Based on nebokitug’s broad, robust biological effects, favorable tolerability profile and unique mechanism of action, Chemomab believes nebokitug may have the potential to interrupt the deleterious pathological processes that drive fibro-inflammatory diseases, with the potential to become an effective anti-fibrotic therapeutic agent with disease-modifying potential.
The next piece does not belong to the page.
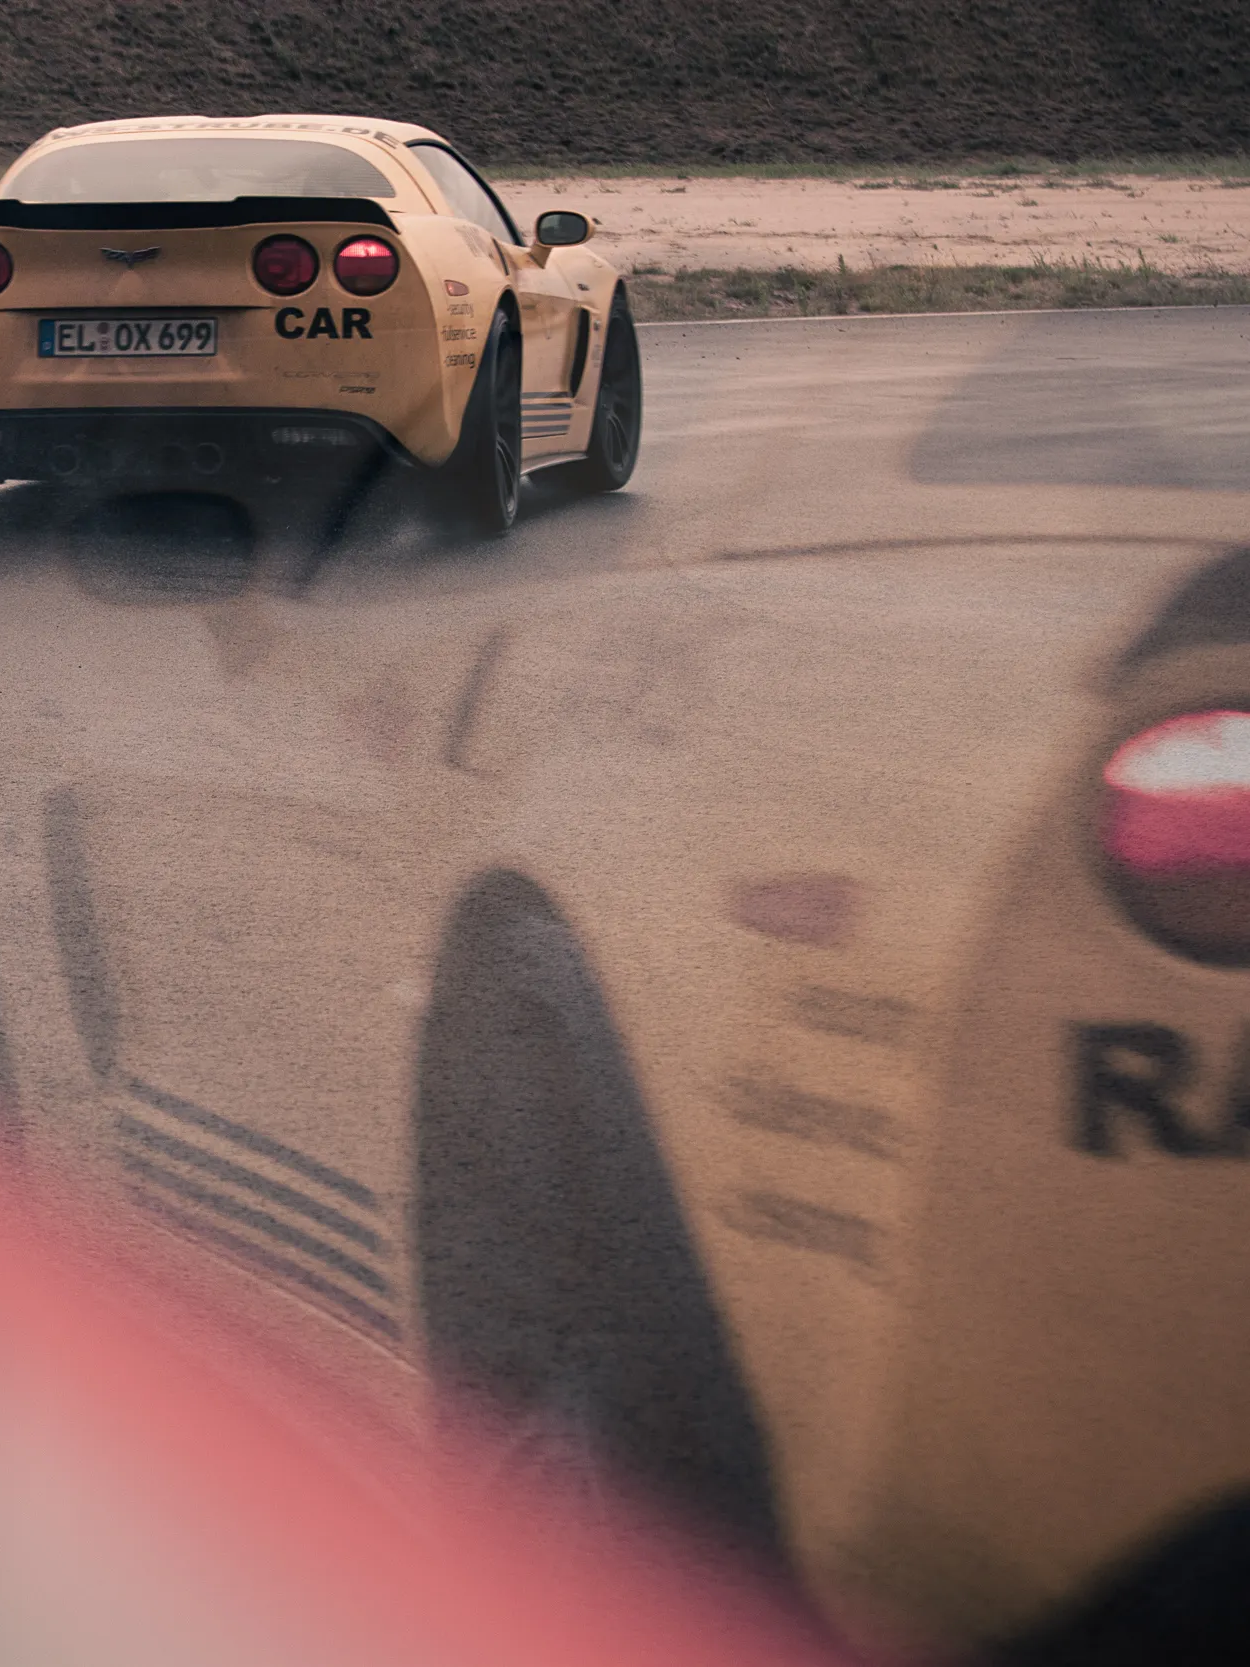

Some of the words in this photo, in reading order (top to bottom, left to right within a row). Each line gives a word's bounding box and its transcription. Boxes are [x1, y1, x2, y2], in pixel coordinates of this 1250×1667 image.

[58, 324, 95, 352] EL
[115, 323, 152, 352] OX
[159, 322, 212, 351] 699
[275, 307, 373, 339] CAR
In a Phase 2a liver fibrosis trial of nebokitug in MASH patients, nebokitug was safe and well-tolerated and treated patients showed consistent and positive improvements across a number of fibro-inflammatory biomarkers. Results from the double-blind, placebo-controlled portion of the nebokitug Phase 2 SPRING trial in patients with PSC show that nebokitug met the primary study endpoint, demonstrating a favorable safety profile over the 15-week treatment period. Nebokitug -treated patients with moderate/advanced disease showed improvements on a wide range of disease-related secondary endpoints, including assessments of changes from baseline relative to placebo at Week 15 in liver stiffness; in liver fibrosis biomarkers, including the Enhanced Liver Fibrosis (ELF) score and PRO-C3 levels; in total bilirubin and liver function tests; in pruritus (itch) and in markers of inflammation. Dose-dependent responses were observed for multiple disease-related biomarkers. A consistent pattern of greater improvement on the secondary endpoints was observed in the study arm receiving the higher 20 mg/kg dose of nebokitug and in the prespecified subgroup of PSC patients with moderate/advanced disease. Data from the open label extension (OLE) portion of the trial, in which all eligible participants received nebokitug for up to an additional 33 weeks, showed that nebokitug was safe and well-tolerated for up to 48 weeks of treatment. Patients treated with nebokitug showed sustained or continual improvement in markers of fibrosis and stabilization of liver stiffness as measured by transient elastography.
The nebokitug SSc program has an open U.S. IND.
Nebokitug has Orphan Drug designation in the U.S. and European Union and received Fast Track designation for the treatment of PSC in adults from the U.S. Food and Drug Administration (FDA).